STAT Wunderkinds medal

Bin Cao

Washington University School of Medicine in St. Louis

He was key in building the model that showed Zika virus crosses the placenta and can infect fetal cells.

When the Zika outbreak in Brazil started making headlines, Bin Cao and his colleagues knew they were prepared to study the then poorly-understood virus. Cao, a postdoc at Washington University in St. Louis, researches bacterial and viral infections during pregnancy.

“We had all the tools to study the infection during pregnancy,” said Cao.

Cao and his colleagues were able to develop an animal model of in utero infection to show that Zika was indeed a pathogen that could compromise the placenta’s defenses. They’ve also researched exactly which cellular and molecular mechanisms Zika uses to get across the placental barrier and then to infect fetal cells. And they’ve started to look at potential means of blocking the virus.

“Zika has the ability to compromise or subvert some cellular defense mechanisms in the placenta,” Cao said. “There are a lot of open questions about why Zika is different from other pathogens.”

Cao, who is from China and did his Ph.D. there, said he has had a longtime interest in developmental biology.

“The early stage of life has always fascinated me,” he said.

— Andrew Joseph

STAT Wunderkinds medal

Ying Kai Chan

Harvard Medical School

He’s trying to develop ways to make gene therapy safer and build better vaccines.

The two big ideas Ying Kai Chan is tackling in science — reducing the harmful side effects of gene therapy and developing better vaccines to protect against viruses — might seem wildly different from one another. But they’re actually connected by a common goal: getting the immune system to respond to a pathogen in just the right way.

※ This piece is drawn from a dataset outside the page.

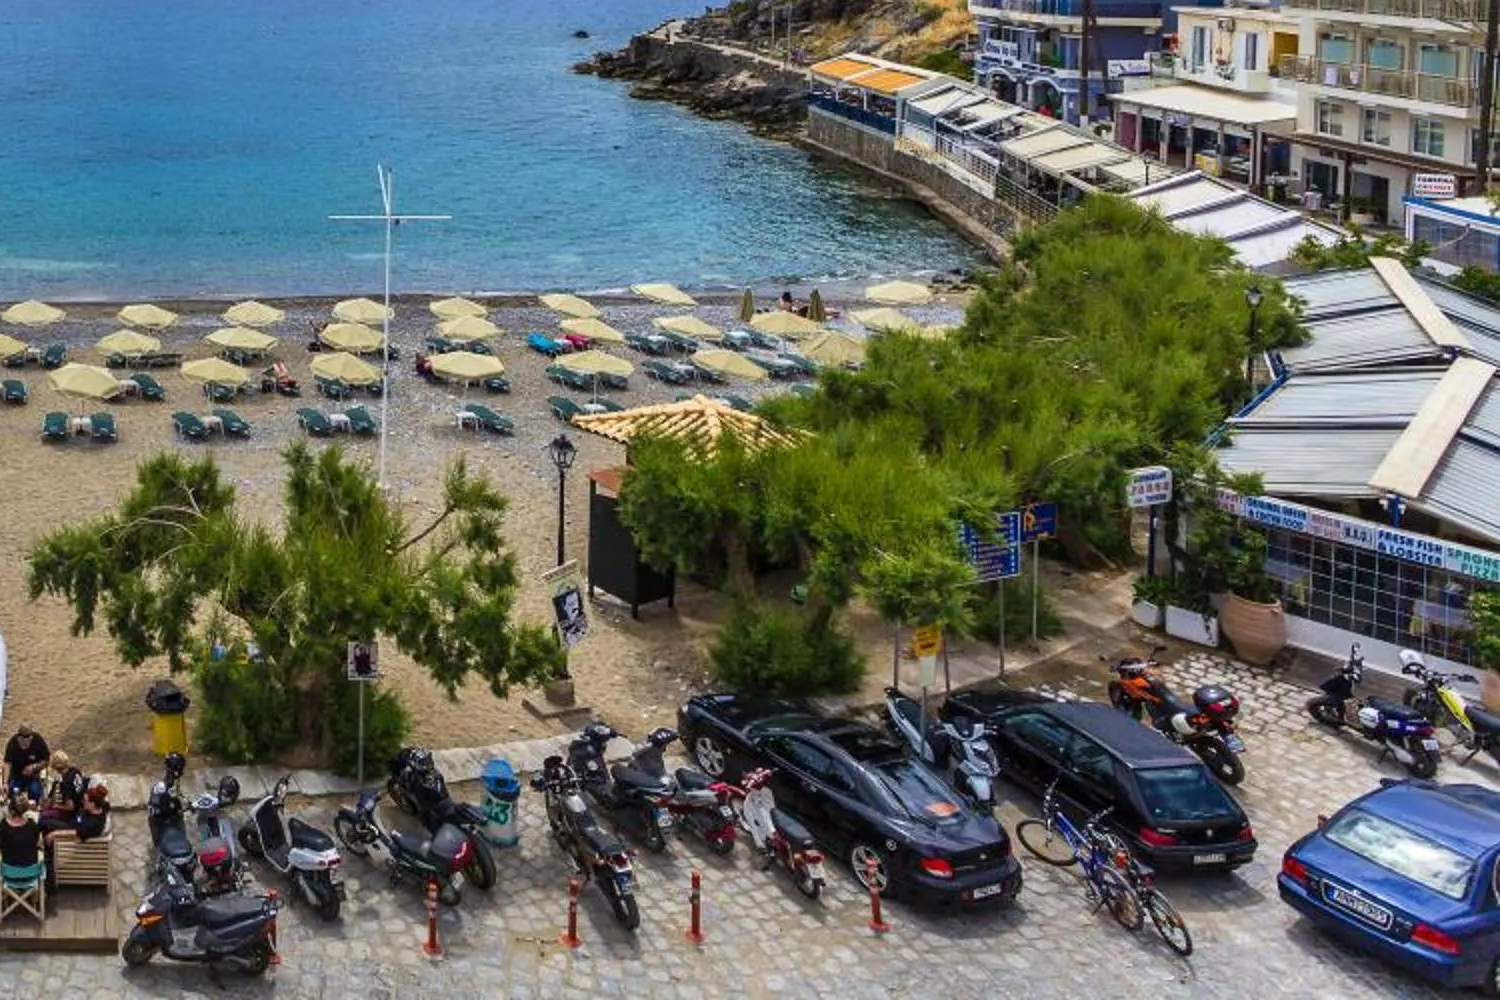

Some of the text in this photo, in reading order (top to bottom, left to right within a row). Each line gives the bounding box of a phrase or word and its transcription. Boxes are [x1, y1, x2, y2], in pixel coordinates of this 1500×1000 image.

[1378, 530, 1443, 554] FRESH FISH
[1389, 546, 1442, 566] LOBSTER

Chan’s interest in immunology began during his childhood in Singapore, which was frequently hit by dengue virus outbreaks. In his Ph.D. research at Harvard Medical School, Chan engineered dengue virus so that instead of proliferating without being detected by the immune system, it would instead trigger a robust immune response.

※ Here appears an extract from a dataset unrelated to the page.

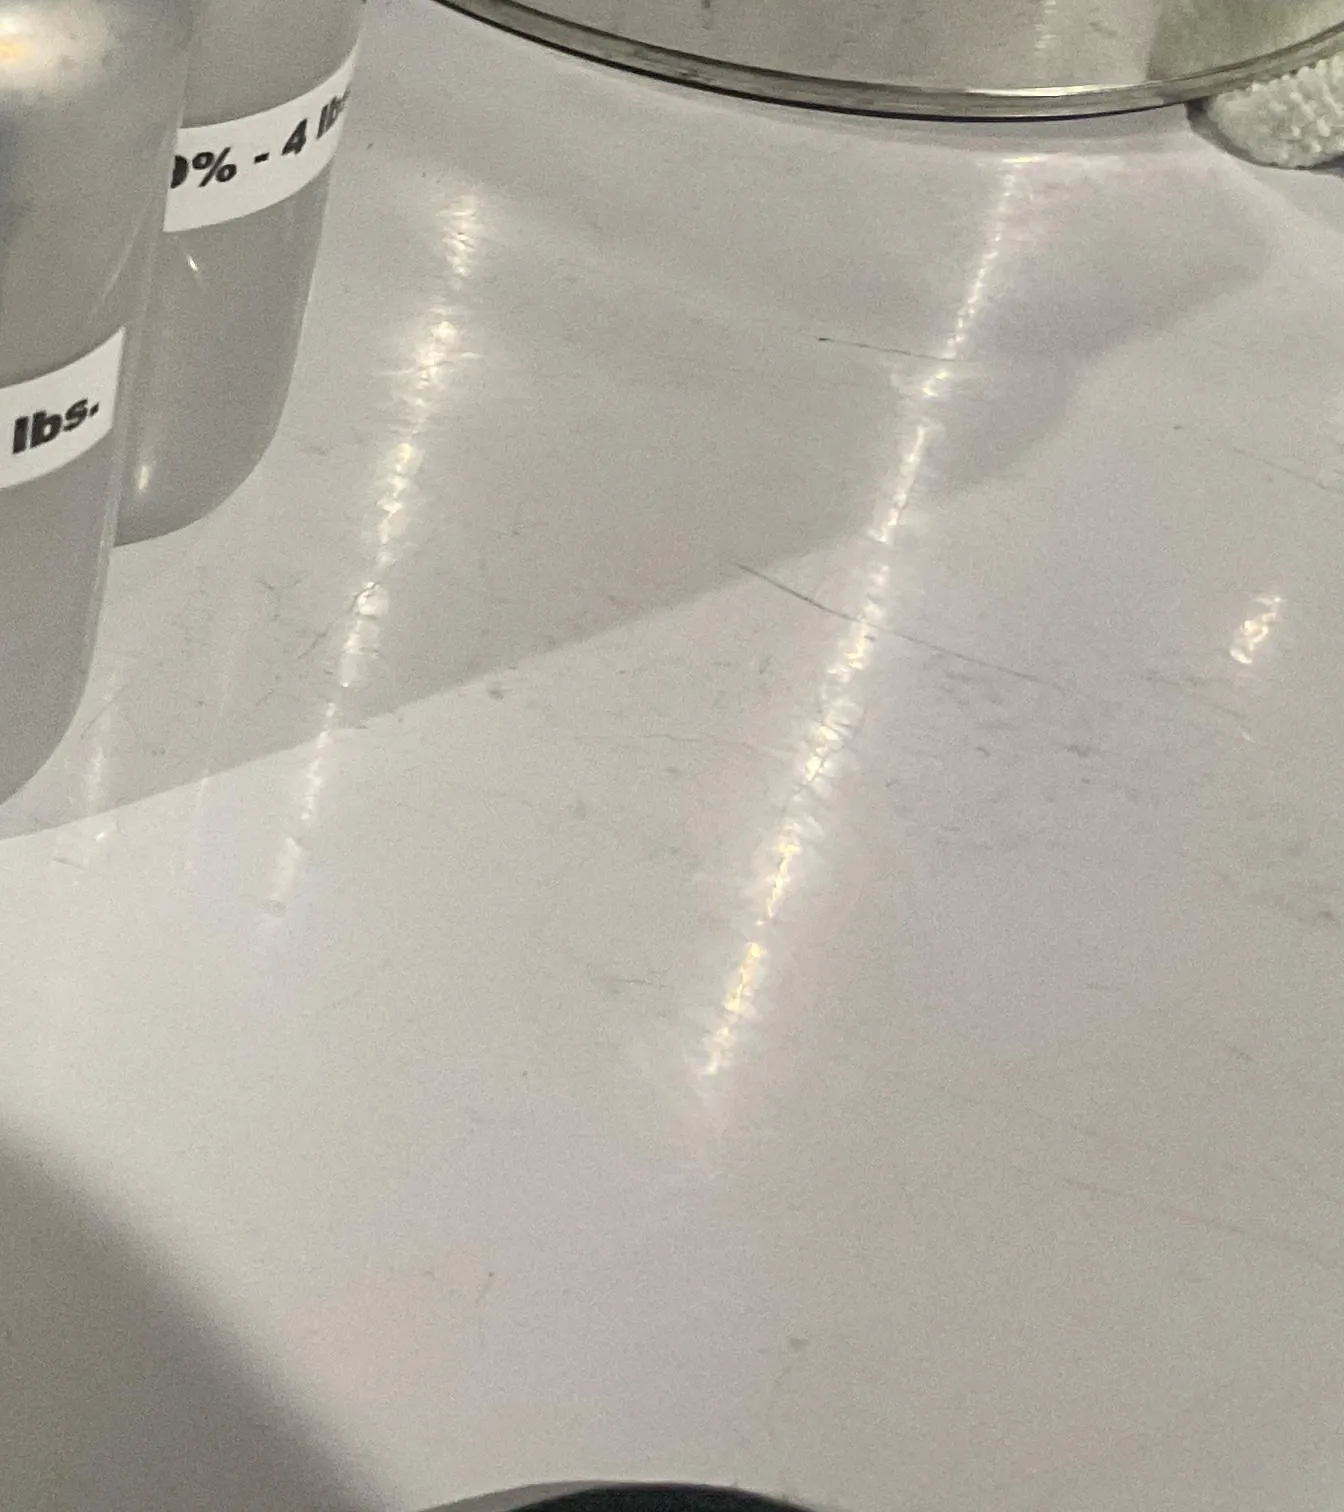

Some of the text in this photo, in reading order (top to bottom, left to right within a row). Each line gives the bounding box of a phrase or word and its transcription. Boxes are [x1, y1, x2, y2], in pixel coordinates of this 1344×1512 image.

[254, 152, 269, 164] -
[281, 118, 308, 156] 4
[12, 395, 100, 456] lbs.

“In the case of the vaccine if you can disarm the virus, you can make a safe, attenuated vaccine,” Chan said. "On the flip side, if you use a virus to deliver gene therapy, you don’t want it to have any immune response.”

That’s now Chan’s goal as a postdoctoral researcher in George Church’s lab at Harvard Medical School, where he’s created an “invisibility cloak” that shields gene therapy and its viral carrier from the immune system. The cloak blocks the immune receptor that normally recognizes the virus, called adeno-associated virus. And while he’s been testing the technology in human cells and mouse models, he’s also been bouncing ideas off the other scientists he meets in his volleyball league. He offers them thoughts on their research, too.

— Megan Thielking

STAT Wunderkinds medal

Hsiao-Tuan Chao

Baylor College of Medicine

She’s looking at small genetic changes in the rarest of diseases to see how neurons talk — or stop talking — to one another.

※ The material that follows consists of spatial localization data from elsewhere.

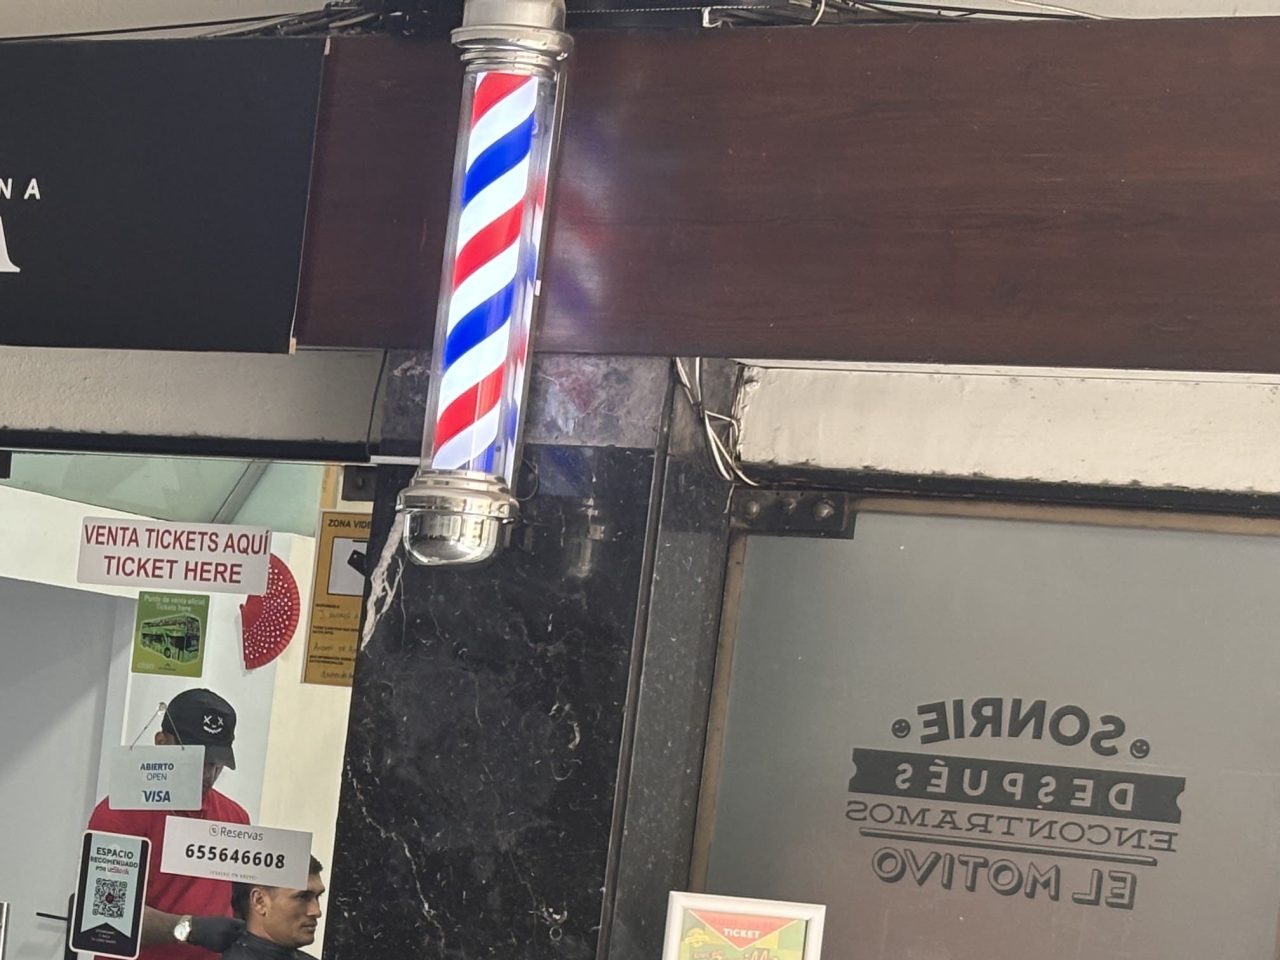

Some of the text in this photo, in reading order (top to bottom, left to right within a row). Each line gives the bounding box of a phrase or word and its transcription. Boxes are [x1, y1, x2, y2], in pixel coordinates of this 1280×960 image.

[328, 519, 351, 528] ZONA
[85, 524, 269, 556] VENTA TICKETS AQUÍ
[104, 555, 243, 584] TICKET HERE
[140, 763, 174, 771] ABIERTO
[142, 790, 171, 802] VISA
[220, 827, 263, 841] Reservas
[96, 847, 134, 859] ESPACIO
[185, 844, 285, 869] 655646608
[723, 928, 761, 939] TICKET

Dr. Hsiao-Tuan Chao focuses her work on the rarest of rare diseases: genetic neurodegenerative disorders that impact just a handful of children around the world.

She’s conducting her postdoc at the Baylor College of Medicine, focusing on Rett syndrome, which predominantly affects young girls.

“When you’re talking about childhood neurological disease, it’s a situation where it’s just a quirk of fate — something small happens that leaves you facing a lifelong challenge,” Chao said.

So she's working to unravel how small genetic changes can impact how the brain is wired — specifically, how different neurons talk to each other — and in turn influence how we think and communicate.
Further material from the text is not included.